= YOUR GOAL =
Transcribe the data in full and exactly, omitting any pictures.

= DATA FOR THIS EXERCISE =
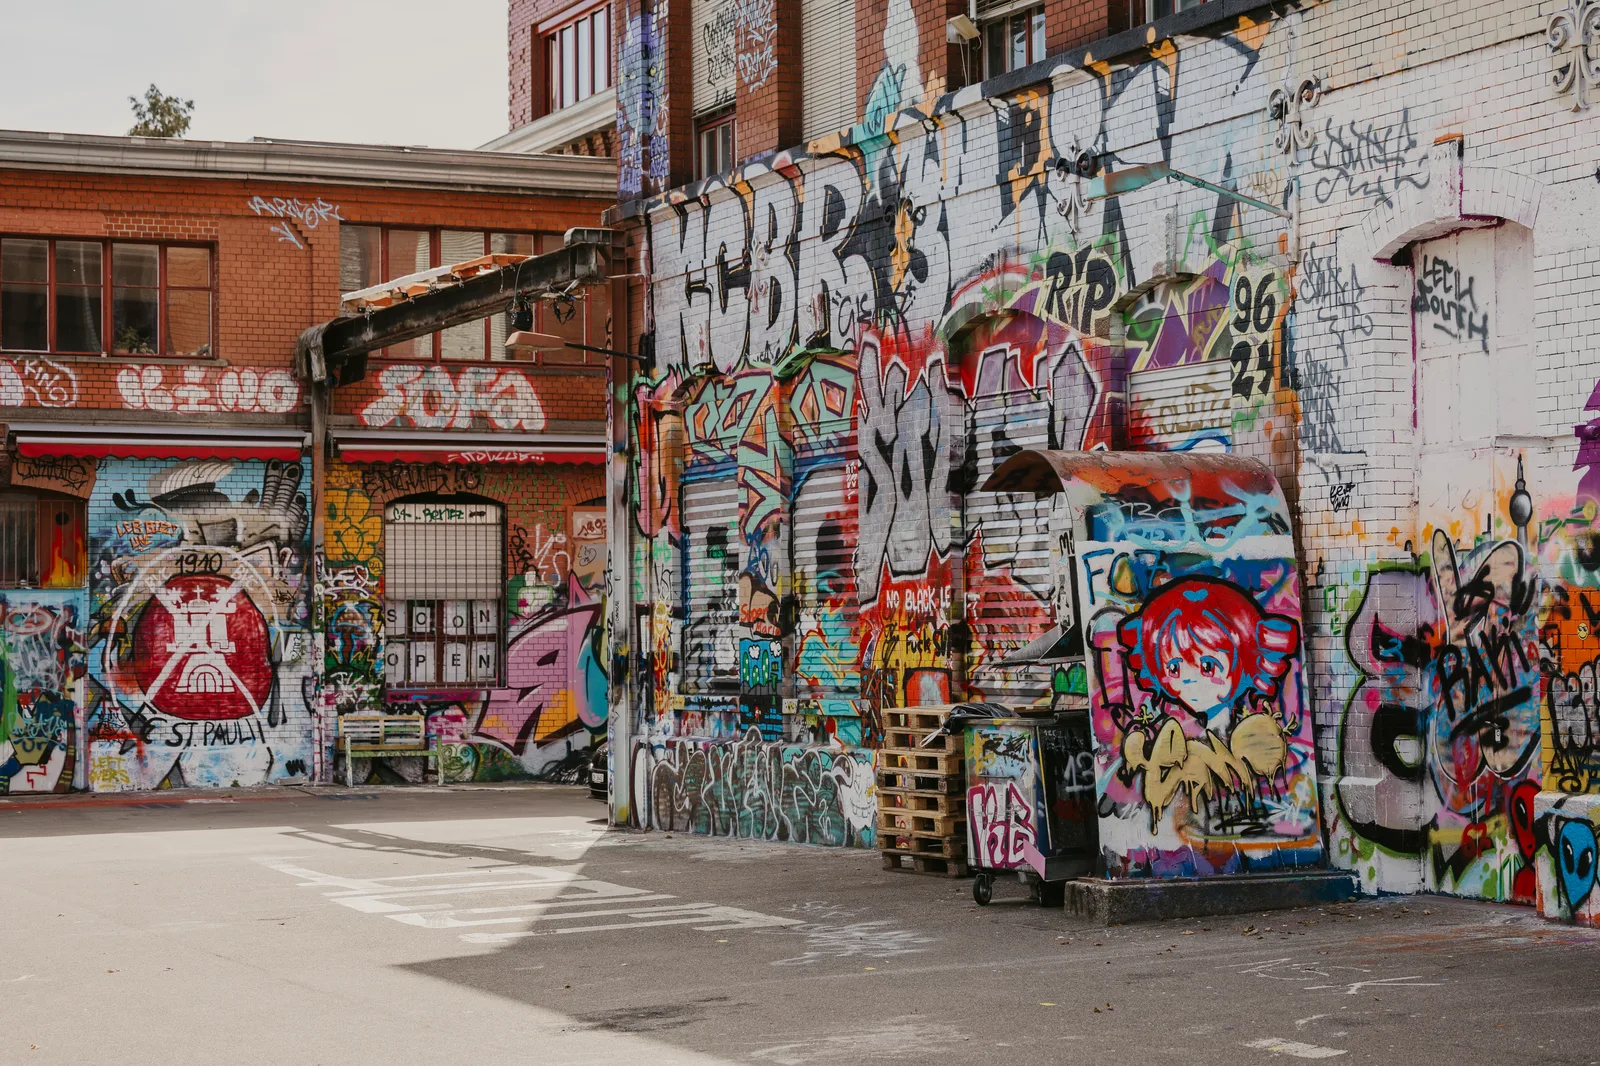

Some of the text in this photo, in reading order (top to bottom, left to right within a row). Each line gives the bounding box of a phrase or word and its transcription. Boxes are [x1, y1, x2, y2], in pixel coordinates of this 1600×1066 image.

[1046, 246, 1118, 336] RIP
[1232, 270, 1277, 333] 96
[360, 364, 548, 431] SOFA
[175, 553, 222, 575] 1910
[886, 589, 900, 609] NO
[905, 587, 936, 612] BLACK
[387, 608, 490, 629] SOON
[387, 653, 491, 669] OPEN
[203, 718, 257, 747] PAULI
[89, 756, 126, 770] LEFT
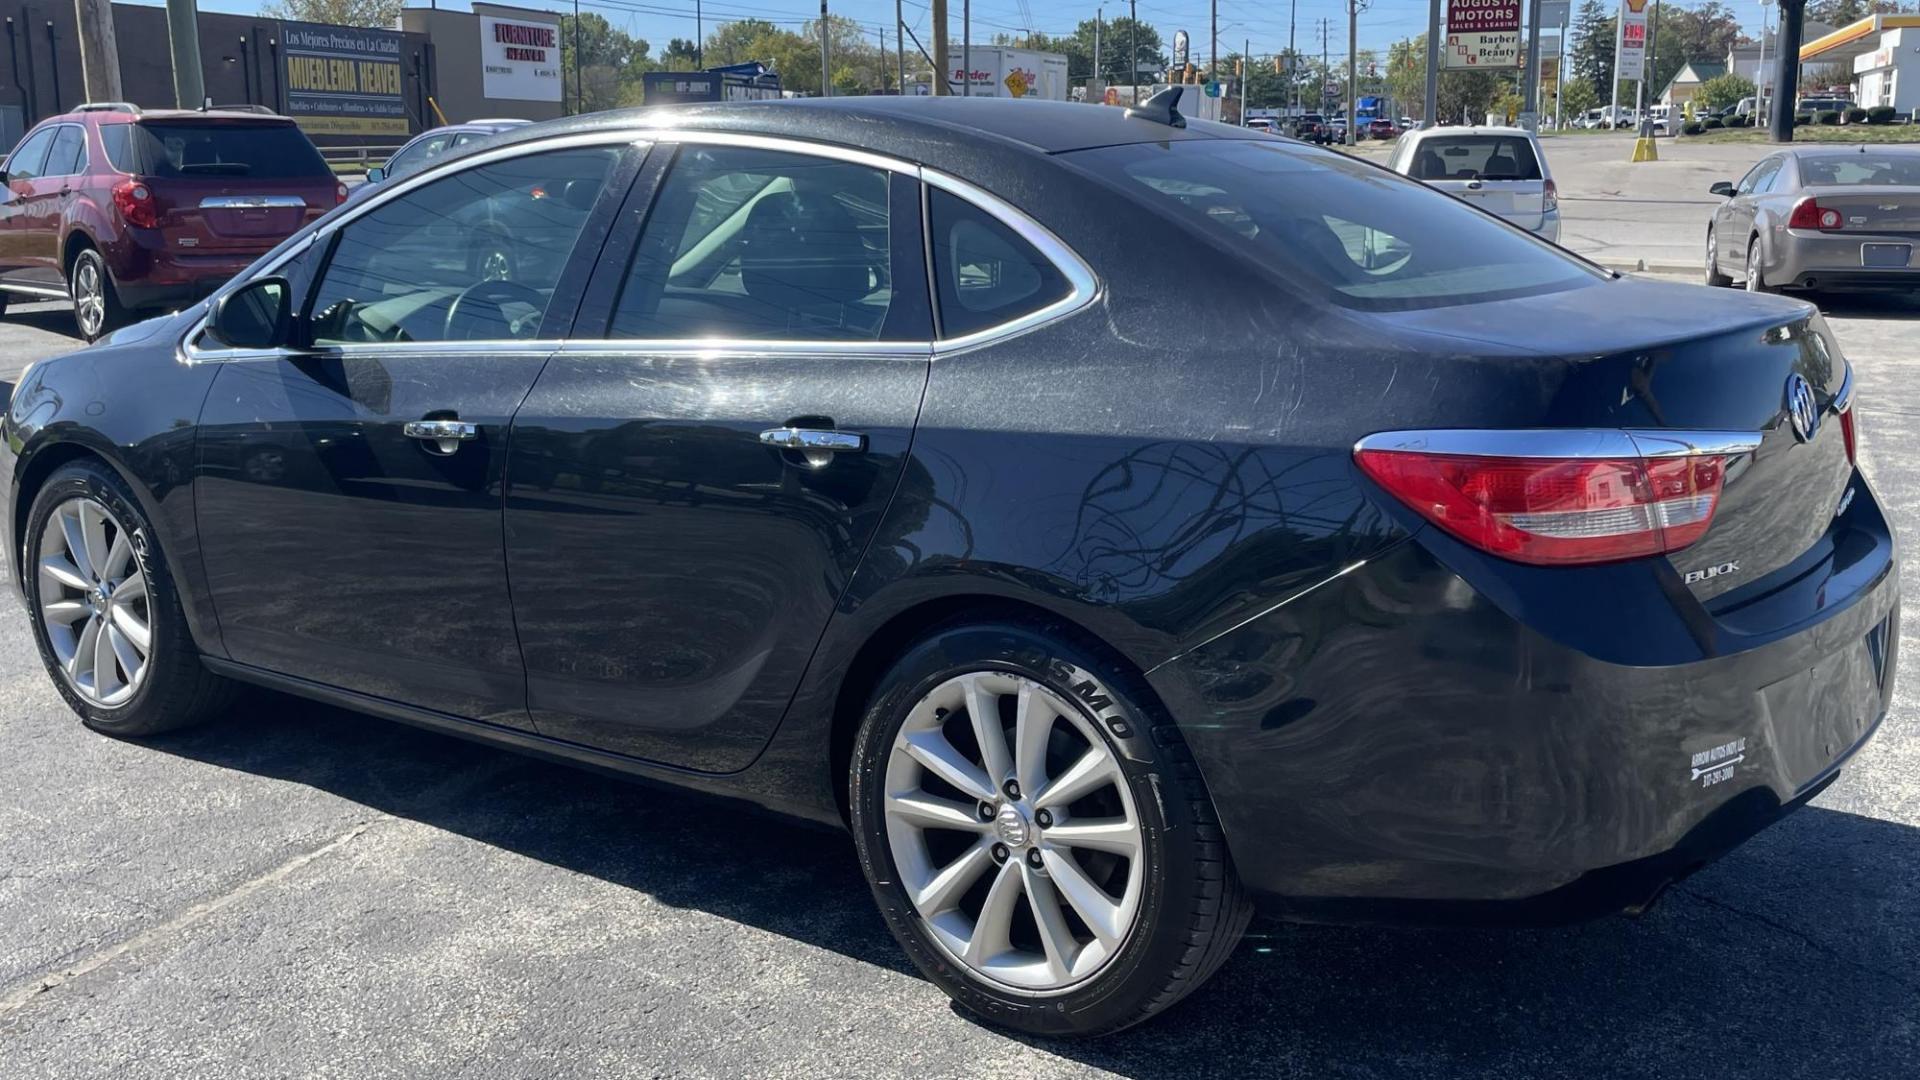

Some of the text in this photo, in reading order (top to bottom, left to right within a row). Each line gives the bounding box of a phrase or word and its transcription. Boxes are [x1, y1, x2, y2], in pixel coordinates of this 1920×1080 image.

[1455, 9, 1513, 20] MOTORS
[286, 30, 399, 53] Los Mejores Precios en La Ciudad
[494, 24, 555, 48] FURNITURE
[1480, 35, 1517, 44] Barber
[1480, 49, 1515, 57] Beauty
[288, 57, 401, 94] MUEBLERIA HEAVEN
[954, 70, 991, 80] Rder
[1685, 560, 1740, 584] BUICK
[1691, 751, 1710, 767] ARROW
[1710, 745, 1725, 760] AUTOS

= WRITTEN REPLY =
Some of the text in this photo, in reading order (top to bottom, left to right within a row). Each line gives the bounding box of a phrase or word and its transcription. Boxes are [x1, y1, x2, y2], in pixel coordinates of this 1600×1066 image.

[1046, 246, 1118, 336] RIP
[1232, 270, 1277, 333] 96
[360, 364, 548, 431] SOFA
[175, 553, 222, 575] 1910
[886, 589, 900, 609] NO
[905, 587, 936, 612] BLACK
[387, 608, 490, 629] SOON
[387, 653, 491, 669] OPEN
[203, 718, 257, 747] PAULI
[89, 756, 126, 770] LEFT

Some of the text in this photo, in reading order (top to bottom, left to right within a row). Each line gives the bounding box of a phrase or word and its transcription. Boxes are [x1, y1, x2, y2], in pixel coordinates of this 1920×1080 image.

[1455, 9, 1513, 20] MOTORS
[286, 30, 399, 53] Los Mejores Precios en La Ciudad
[494, 24, 555, 48] FURNITURE
[1480, 35, 1517, 44] Barber
[1480, 49, 1515, 57] Beauty
[288, 57, 401, 94] MUEBLERIA HEAVEN
[954, 70, 991, 80] Rder
[1685, 560, 1740, 584] BUICK
[1691, 751, 1710, 767] ARROW
[1710, 745, 1725, 760] AUTOS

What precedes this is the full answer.